The problem raised here, how to assure that renters do not make a cohousing
group act against its long-term interests, relies on a couple of assumptions
which we might want to question.  Namely, that cohousing members will act
and vote only according to their own self-interest, rather than according to
whatever they perceive to be the community's interest.  In Jim's scenario,
renters voting in their (soon to be departing) interests could contribute to
decisions that were to the detriment of the community.

Now this does seem to be a legetimate worry for any community that will mix
owners and renters, but I suspect that it shouldn't be a large one, and I am
concerned that the formalistic solution that Jim suggested marginalizes
renters (in what could in fact encourage that kind of self-interest voting).
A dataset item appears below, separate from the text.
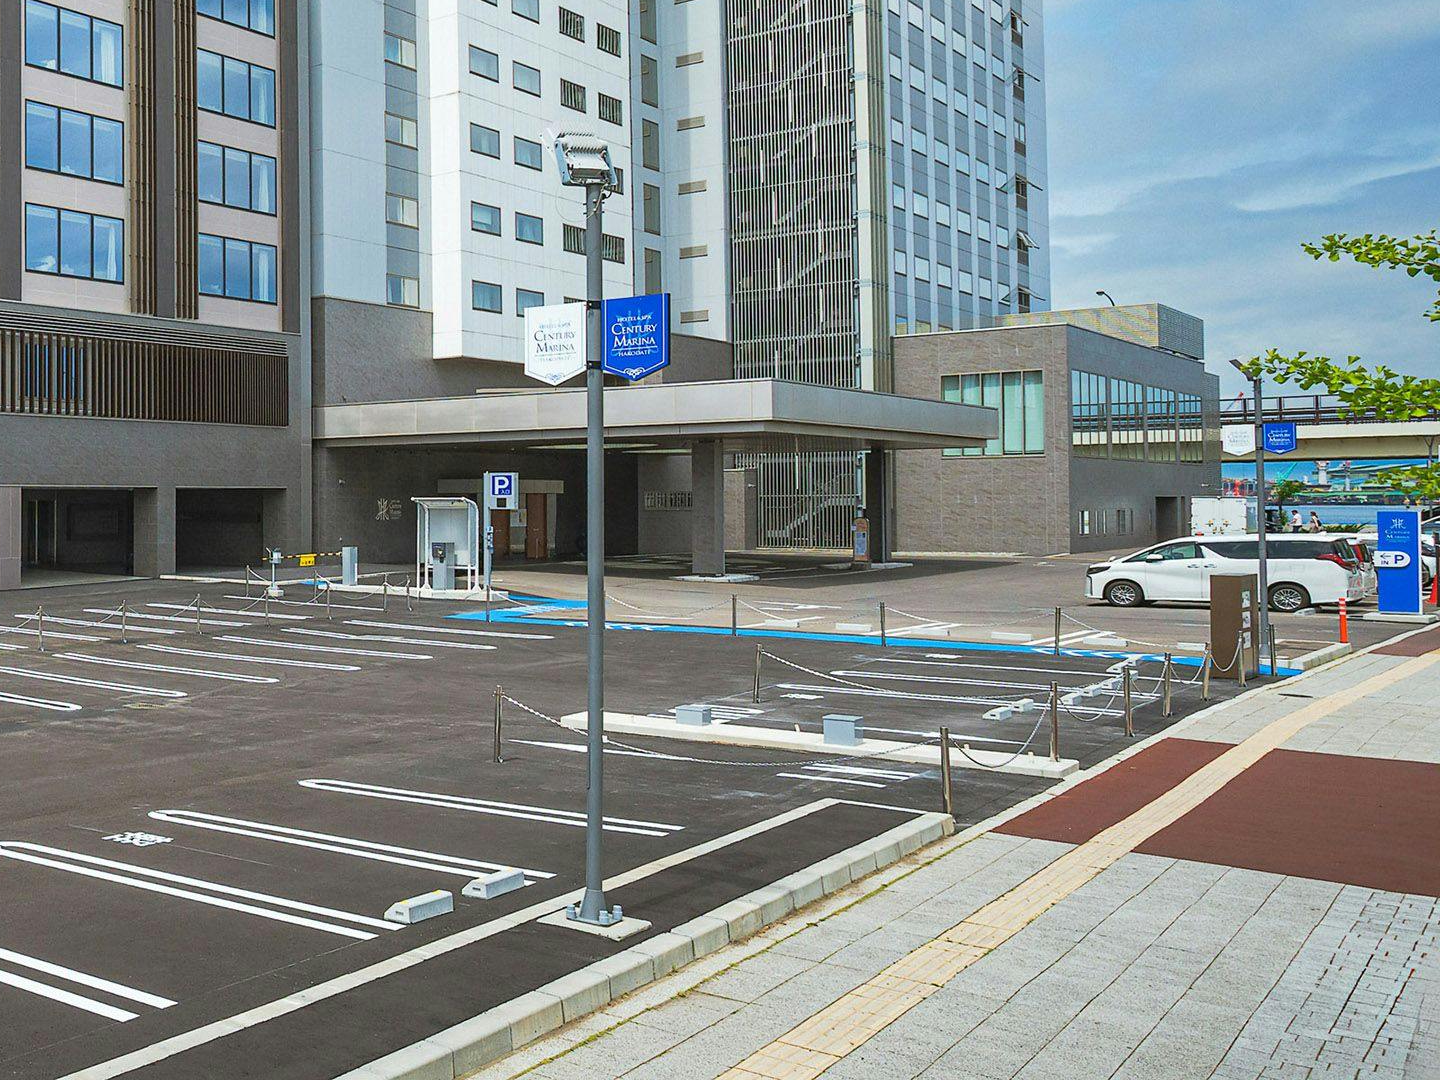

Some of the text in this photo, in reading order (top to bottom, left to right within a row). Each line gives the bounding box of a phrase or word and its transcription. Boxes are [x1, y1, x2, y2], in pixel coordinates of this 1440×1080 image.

1. Why it needn't be a large issue.

(Again, this is a legitimate concern, I'm just trying to put it in
perspective.) In my experience living in student housing cooperatives, I've
found that socialization of new members goes a long way in instilling the
co-op's values in these members--even those who had never had much
experience with a community before and had moved in simply because it was "a
cheap place close to campus."  So, although ALL MEMBERs were renters, and
many stayed for just a year (and as students, we all knew we were staying
for a finite time), we all were willing to understand thta some
things had to be done if the co-op would continue operating over a long-run:
everything from turning down the heat or buying your favorite cereal
(instead of the house buying it) to changing the way that we accepted new 
members to better fill vacancies.  The point is, RENTERS were willing to act
and vote in the co-ops interest, even if that was explicitly counter to
their own interest.

If the cohousing group does provide a real community, and renters are not
excluded from that community (either formally or de facto, because all the
owners already know and are friends with one another before a renter moves
in) then in I think the vast majority of cases, the renters will pick up
the norms of the community, including the norm of voting in the community's
interest over one's own when its important.  The point: we don't need to
spend a lot of time worrying about this possibility.

2. Some concerns about issue-type formalism.
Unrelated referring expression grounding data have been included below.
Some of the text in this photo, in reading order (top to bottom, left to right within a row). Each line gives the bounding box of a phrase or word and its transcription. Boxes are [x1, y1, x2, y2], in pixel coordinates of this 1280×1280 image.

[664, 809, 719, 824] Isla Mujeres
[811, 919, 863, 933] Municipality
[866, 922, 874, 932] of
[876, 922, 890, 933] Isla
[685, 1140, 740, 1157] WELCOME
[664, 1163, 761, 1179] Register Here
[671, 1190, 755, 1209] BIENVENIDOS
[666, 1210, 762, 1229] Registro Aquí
I have two concersn about the investment-type v. operations type formal
solution tht Jim suggests, one specific and one general. 
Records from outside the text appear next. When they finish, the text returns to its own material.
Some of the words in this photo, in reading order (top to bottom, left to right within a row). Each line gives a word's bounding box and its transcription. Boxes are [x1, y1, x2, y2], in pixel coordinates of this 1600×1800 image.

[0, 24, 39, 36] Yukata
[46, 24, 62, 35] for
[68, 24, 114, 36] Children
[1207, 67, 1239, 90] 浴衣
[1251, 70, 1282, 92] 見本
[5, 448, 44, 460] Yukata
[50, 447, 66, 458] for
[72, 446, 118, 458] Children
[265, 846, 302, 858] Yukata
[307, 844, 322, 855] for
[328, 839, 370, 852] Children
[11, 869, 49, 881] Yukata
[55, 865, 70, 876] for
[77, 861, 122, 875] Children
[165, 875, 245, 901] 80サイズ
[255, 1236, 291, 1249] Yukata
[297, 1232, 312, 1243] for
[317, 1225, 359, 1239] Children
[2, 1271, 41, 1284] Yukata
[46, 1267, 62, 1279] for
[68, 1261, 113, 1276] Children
Jim assumes a consensus-process. With this distinction between types of
issues, owners would be able to block consensus on all issues, but renters
would be able to block consensus only on operations issues. My specific
concern is that this means renters have no voice in investment decisions. 
If these decisions involve community land or funds, and the renters are
(albeit temporary) members of the community, they should have some
decisionmaking voice.  Two alternatives that would allow some renter
participation while preserving owner dominance could be 1) have a certain
number of renter-delegates who can block consensus on invetment issues, or
2) any 1 owner can block consensus but it takes 2 renters to do so.  Of
course, if wht I said earlier about renters sharing the long-term vision is
persuasive, we could say that all members (owner or renter) participate in
all decisions and if the rare event that a renter, acting in her own
interest to block a consensus on a long-term, investment type decision
actually happens then we deal with the specific case, reasoning with her to
show her why she acts in her own interest rather than the community's and
convince her to change her mind just as we would with any owner who blocked
consensus similarly. (Sorry about the long sentence, I study philosophy.:-)
I think that this case-by-case approach is in fact the best. 

We can turn to the general concen by elaborating on something I said above,
that with Jim's formalism "renters have no voice in investment decisions."
Of course, we can presume that renters would be perfectly welcome to
participate in the debate and discussion before the actual decisionmaking
vote, so that statement seems too strong.  But (if I may draw on cooperative
experience again) I've noticed two trends in meeting/decisionmaking
dynamics. First, people who can't participate in decisionmaking virtually
never attend the meeting -- and thus, no matter how formally open discussion
may be in theory, they do not participate in it. And second, even if/when
they do attend and speak up, those who are voting often know that so-and-so
who has this strong objection cannot vote, and therefore do not take her
concerns seriously (especially if she is a lone voice dissenting to
something the others basically agree upon).  So, though renters would be
open to participate in discussion but not voting on investments issues in
Jim's proposal; in practice, either through self-exclusion (not going to the
meeting) or through others ignoring her, the renter could in fact end up
with virtually no voice.

My general concern: this kind of issue base-distinction between renters and
owners, though initially simply a decisionmaking insurance device, can
suprisingly easily be transformed into a class-divider.  Knowing that they
can't participate in voting, a renter doesn't attend a particular meeting.
Not attending the meeting, others view her as non-cooperative and she feels
left out of the group's activities. This continues, and pretty soon the
renter is marginalized, a second-class member of the community, and bad
feelings run amuck on all sides. Not good.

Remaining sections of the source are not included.